Information given

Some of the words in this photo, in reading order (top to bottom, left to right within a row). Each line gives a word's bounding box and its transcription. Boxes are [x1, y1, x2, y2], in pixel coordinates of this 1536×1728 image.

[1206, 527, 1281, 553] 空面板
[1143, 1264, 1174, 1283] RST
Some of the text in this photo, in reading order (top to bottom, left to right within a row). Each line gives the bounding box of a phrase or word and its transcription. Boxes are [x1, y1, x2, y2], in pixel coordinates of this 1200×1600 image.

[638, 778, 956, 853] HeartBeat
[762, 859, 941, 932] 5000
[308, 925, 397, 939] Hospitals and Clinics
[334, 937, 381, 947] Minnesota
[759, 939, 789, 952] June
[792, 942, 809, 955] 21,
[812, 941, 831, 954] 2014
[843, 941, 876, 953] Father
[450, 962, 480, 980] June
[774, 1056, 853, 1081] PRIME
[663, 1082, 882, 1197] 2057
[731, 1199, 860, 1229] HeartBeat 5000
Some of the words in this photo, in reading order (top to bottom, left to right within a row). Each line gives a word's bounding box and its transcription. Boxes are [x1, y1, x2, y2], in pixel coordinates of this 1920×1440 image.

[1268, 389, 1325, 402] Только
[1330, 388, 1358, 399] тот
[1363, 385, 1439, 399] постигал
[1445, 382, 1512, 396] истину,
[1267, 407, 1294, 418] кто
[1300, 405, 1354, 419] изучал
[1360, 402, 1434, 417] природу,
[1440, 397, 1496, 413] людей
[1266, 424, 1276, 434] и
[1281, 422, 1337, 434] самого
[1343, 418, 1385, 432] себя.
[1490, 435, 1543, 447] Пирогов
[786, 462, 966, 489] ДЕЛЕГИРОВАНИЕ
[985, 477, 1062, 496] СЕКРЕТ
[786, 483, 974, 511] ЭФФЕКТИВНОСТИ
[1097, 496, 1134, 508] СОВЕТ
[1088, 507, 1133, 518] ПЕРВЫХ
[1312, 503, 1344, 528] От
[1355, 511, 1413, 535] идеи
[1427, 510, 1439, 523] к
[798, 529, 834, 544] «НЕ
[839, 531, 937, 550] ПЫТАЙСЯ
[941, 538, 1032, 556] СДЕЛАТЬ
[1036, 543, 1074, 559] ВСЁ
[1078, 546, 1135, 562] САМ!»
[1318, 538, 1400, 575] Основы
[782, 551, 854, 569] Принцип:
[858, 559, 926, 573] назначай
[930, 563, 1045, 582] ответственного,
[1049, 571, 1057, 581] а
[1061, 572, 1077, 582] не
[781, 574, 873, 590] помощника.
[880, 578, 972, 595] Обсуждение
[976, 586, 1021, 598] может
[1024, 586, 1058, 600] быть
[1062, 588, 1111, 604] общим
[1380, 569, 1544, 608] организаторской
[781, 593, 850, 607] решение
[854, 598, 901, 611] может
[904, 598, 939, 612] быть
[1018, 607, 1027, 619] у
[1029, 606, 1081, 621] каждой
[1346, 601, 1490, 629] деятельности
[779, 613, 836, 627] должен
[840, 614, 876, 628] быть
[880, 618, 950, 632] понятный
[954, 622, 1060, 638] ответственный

What you are asked to do
Word for word, retype all of the entries above.

Result of this exercise
Some of the words in this photo, in reading order (top to bottom, left to right within a row). Each line gives a word's bounding box and its transcription. Boxes are [x1, y1, x2, y2], in pixel coordinates of this 1536×1728 image.

[1206, 527, 1281, 553] 空面板
[1143, 1264, 1174, 1283] RST
Some of the text in this photo, in reading order (top to bottom, left to right within a row). Each line gives the bounding box of a phrase or word and its transcription. Boxes are [x1, y1, x2, y2], in pixel coordinates of this 1200×1600 image.

[638, 778, 956, 853] HeartBeat
[762, 859, 941, 932] 5000
[308, 925, 397, 939] Hospitals and Clinics
[334, 937, 381, 947] Minnesota
[759, 939, 789, 952] June
[792, 942, 809, 955] 21,
[812, 941, 831, 954] 2014
[843, 941, 876, 953] Father
[450, 962, 480, 980] June
[774, 1056, 853, 1081] PRIME
[663, 1082, 882, 1197] 2057
[731, 1199, 860, 1229] HeartBeat 5000
Some of the words in this photo, in reading order (top to bottom, left to right within a row). Each line gives a word's bounding box and its transcription. Boxes are [x1, y1, x2, y2], in pixel coordinates of this 1920×1440 image.

[1268, 389, 1325, 402] Только
[1330, 388, 1358, 399] тот
[1363, 385, 1439, 399] постигал
[1445, 382, 1512, 396] истину,
[1267, 407, 1294, 418] кто
[1300, 405, 1354, 419] изучал
[1360, 402, 1434, 417] природу,
[1440, 397, 1496, 413] людей
[1266, 424, 1276, 434] и
[1281, 422, 1337, 434] самого
[1343, 418, 1385, 432] себя.
[1490, 435, 1543, 447] Пирогов
[786, 462, 966, 489] ДЕЛЕГИРОВАНИЕ
[985, 477, 1062, 496] СЕКРЕТ
[786, 483, 974, 511] ЭФФЕКТИВНОСТИ
[1097, 496, 1134, 508] СОВЕТ
[1088, 507, 1133, 518] ПЕРВЫХ
[1312, 503, 1344, 528] От
[1355, 511, 1413, 535] идеи
[1427, 510, 1439, 523] к
[798, 529, 834, 544] «НЕ
[839, 531, 937, 550] ПЫТАЙСЯ
[941, 538, 1032, 556] СДЕЛАТЬ
[1036, 543, 1074, 559] ВСЁ
[1078, 546, 1135, 562] САМ!»
[1318, 538, 1400, 575] Основы
[782, 551, 854, 569] Принцип:
[858, 559, 926, 573] назначай
[930, 563, 1045, 582] ответственного,
[1049, 571, 1057, 581] а
[1061, 572, 1077, 582] не
[781, 574, 873, 590] помощника.
[880, 578, 972, 595] Обсуждение
[976, 586, 1021, 598] может
[1024, 586, 1058, 600] быть
[1062, 588, 1111, 604] общим
[1380, 569, 1544, 608] организаторской
[781, 593, 850, 607] решение
[854, 598, 901, 611] может
[904, 598, 939, 612] быть
[1018, 607, 1027, 619] у
[1029, 606, 1081, 621] каждой
[1346, 601, 1490, 629] деятельности
[779, 613, 836, 627] должен
[840, 614, 876, 628] быть
[880, 618, 950, 632] понятный
[954, 622, 1060, 638] ответственный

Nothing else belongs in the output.